(Saved data entries)
************
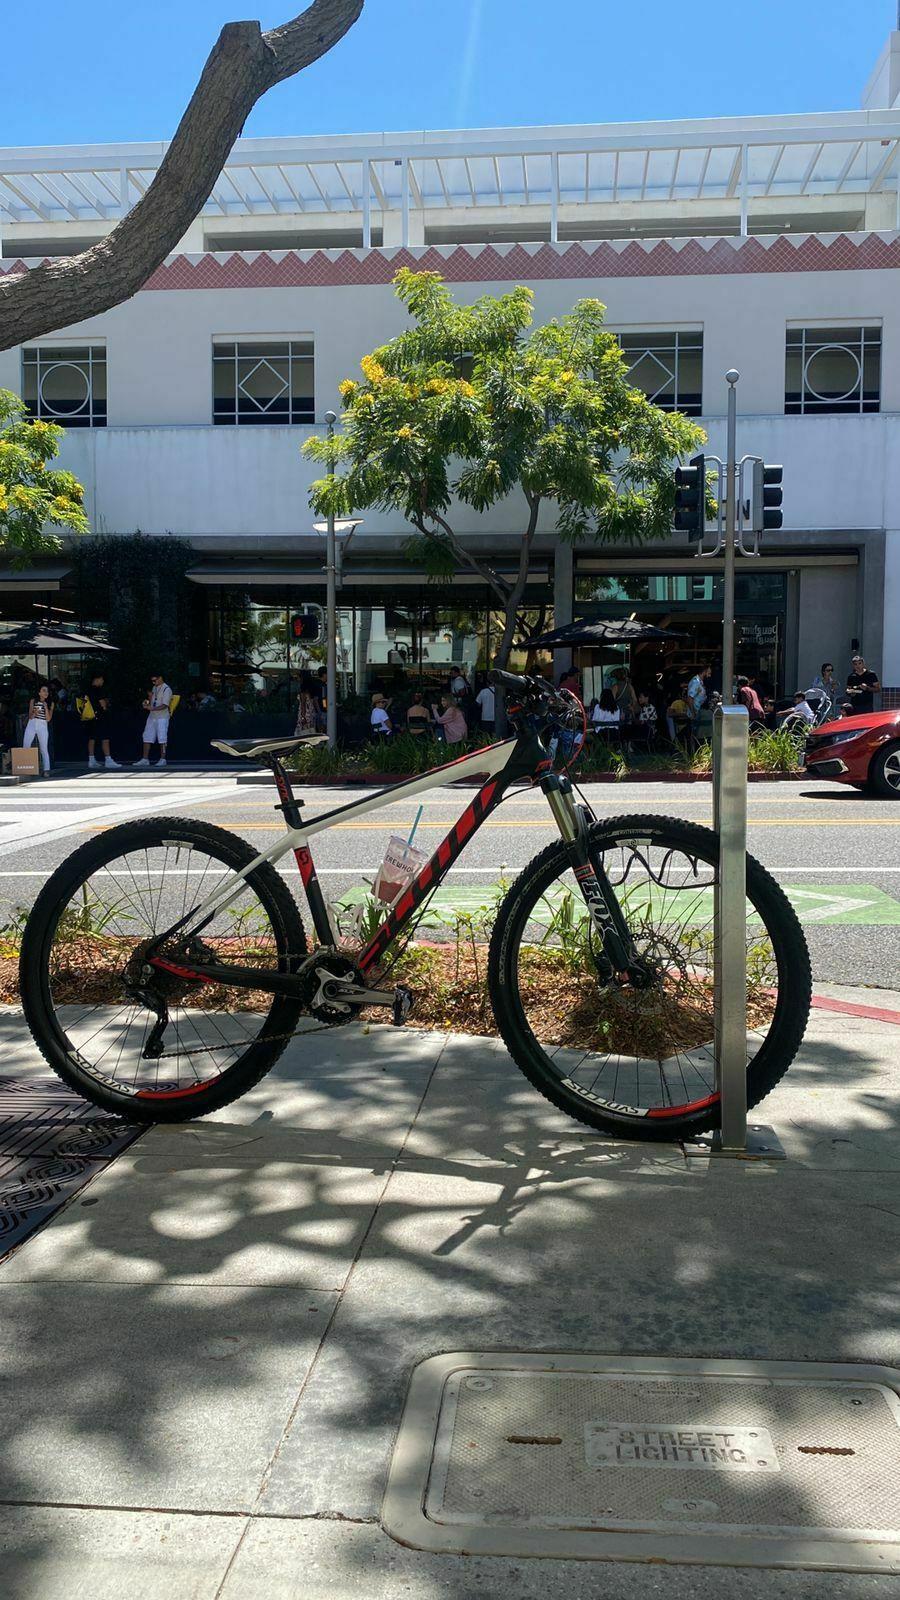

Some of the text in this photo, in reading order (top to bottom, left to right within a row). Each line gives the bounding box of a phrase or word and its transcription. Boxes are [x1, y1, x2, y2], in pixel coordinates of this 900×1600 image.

[385, 854, 414, 873] EREWHO
[581, 881, 620, 941] FOX
[72, 1053, 131, 1094] SYNCROS
[565, 1080, 639, 1115] SYNCROS
[619, 1430, 735, 1447] STREET
[615, 1445, 747, 1463] LIGHTING
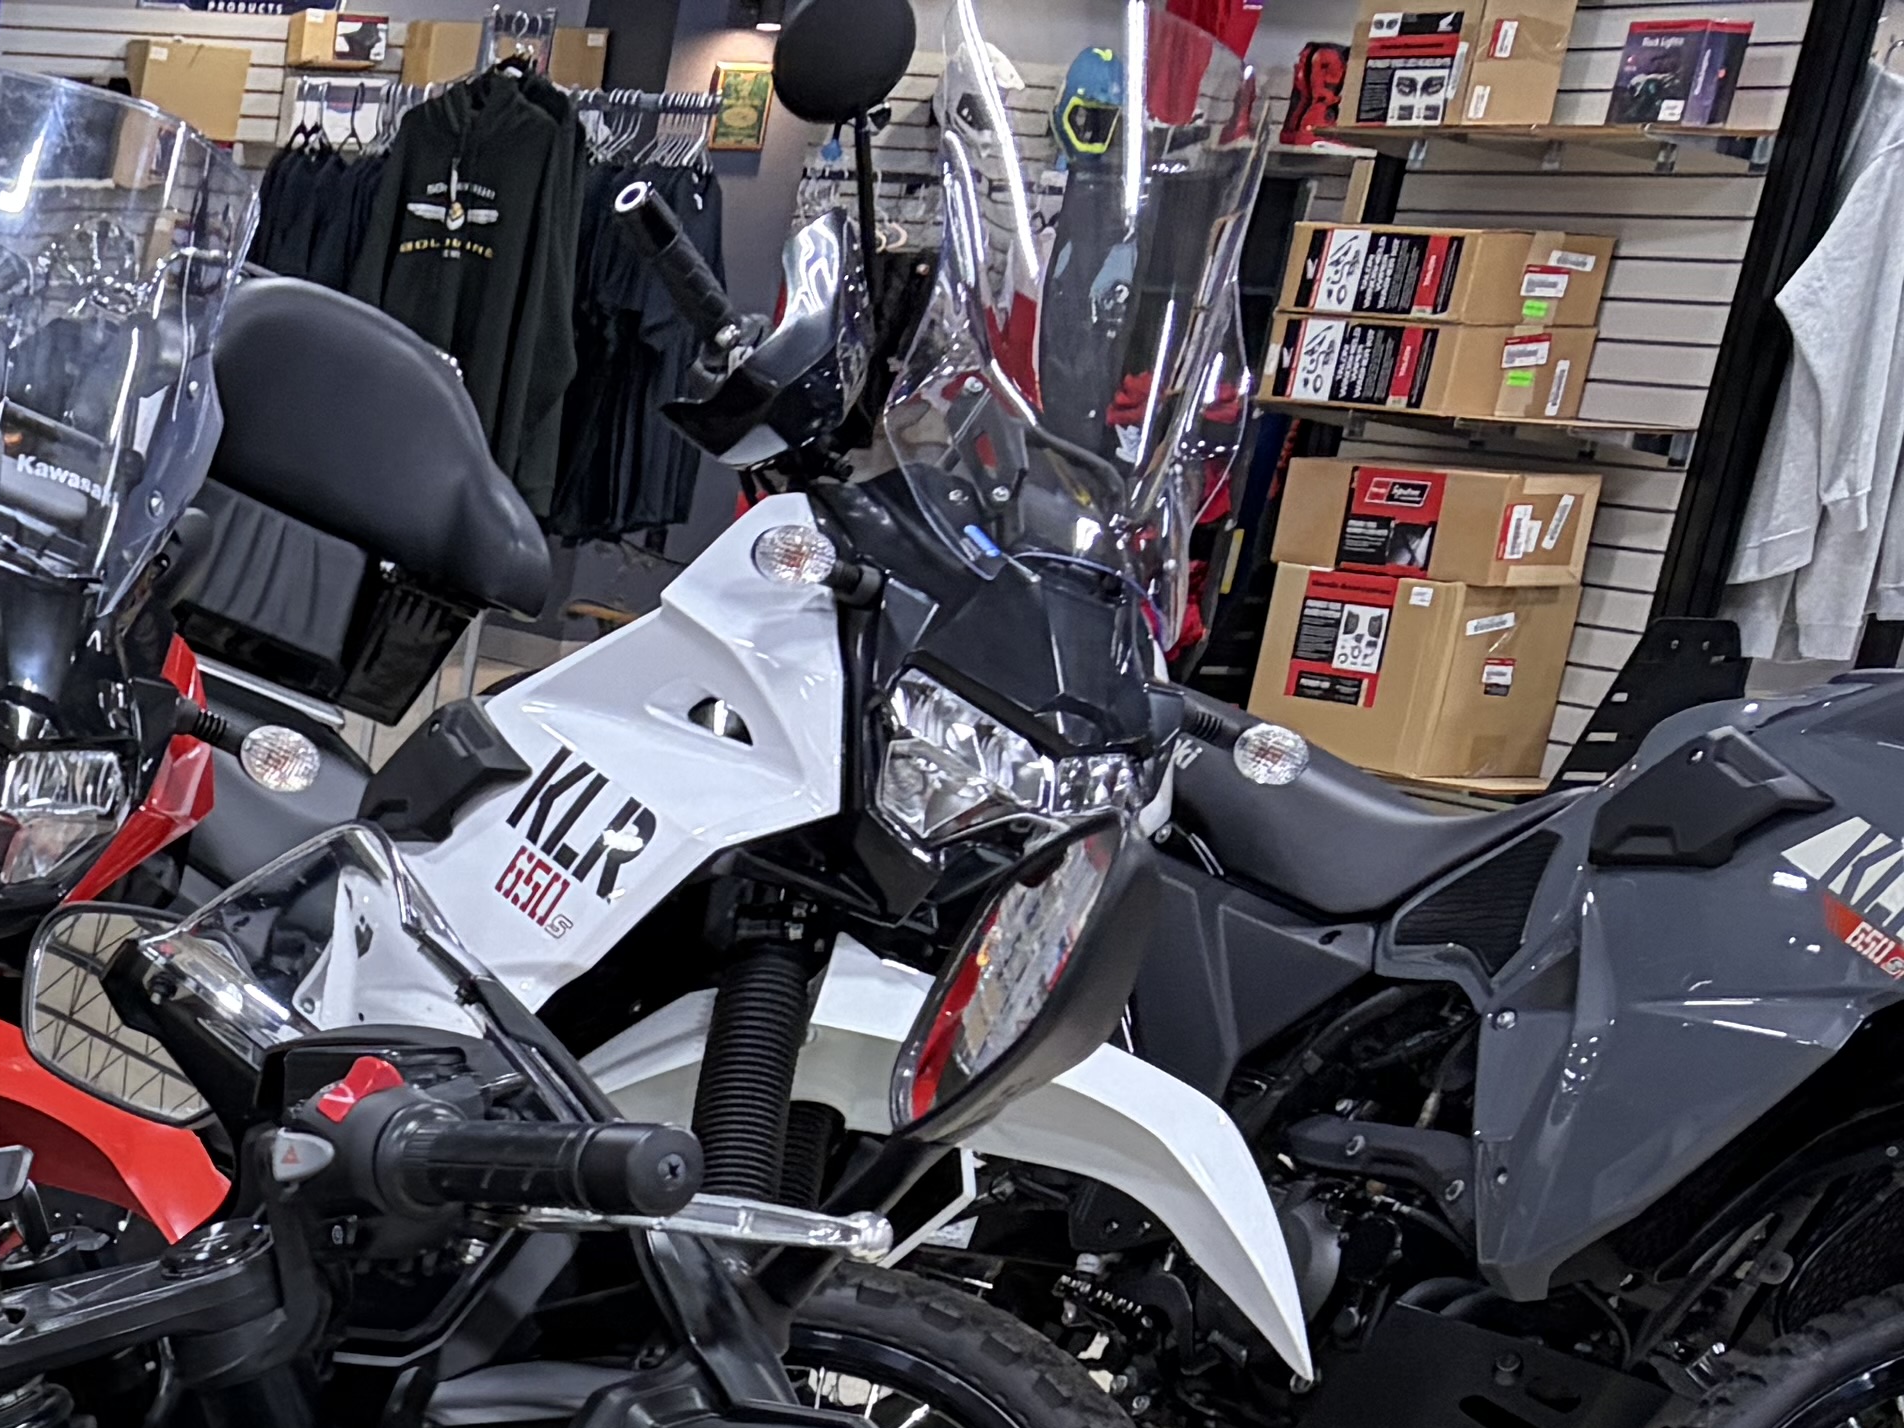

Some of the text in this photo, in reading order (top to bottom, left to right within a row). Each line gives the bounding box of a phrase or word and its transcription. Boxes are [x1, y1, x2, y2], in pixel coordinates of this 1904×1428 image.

[206, 0, 284, 15] PRODUCTS
[505, 744, 658, 905] KLR
[494, 844, 571, 927] 650
[1844, 920, 1896, 965] 650
************
**WORK INSTRUCTION**
Every line above should be repeated exactly; pictures stay out of the copy.

**THE COMPLETED TASK**
Some of the text in this photo, in reading order (top to bottom, left to right within a row). Each line gives the bounding box of a phrase or word and its transcription. Boxes are [x1, y1, x2, y2], in pixel coordinates of this 900×1600 image.

[385, 854, 414, 873] EREWHO
[581, 881, 620, 941] FOX
[72, 1053, 131, 1094] SYNCROS
[565, 1080, 639, 1115] SYNCROS
[619, 1430, 735, 1447] STREET
[615, 1445, 747, 1463] LIGHTING

Some of the text in this photo, in reading order (top to bottom, left to right within a row). Each line gives the bounding box of a phrase or word and its transcription. Boxes are [x1, y1, x2, y2], in pixel coordinates of this 1904×1428 image.

[206, 0, 284, 15] PRODUCTS
[505, 744, 658, 905] KLR
[494, 844, 571, 927] 650
[1844, 920, 1896, 965] 650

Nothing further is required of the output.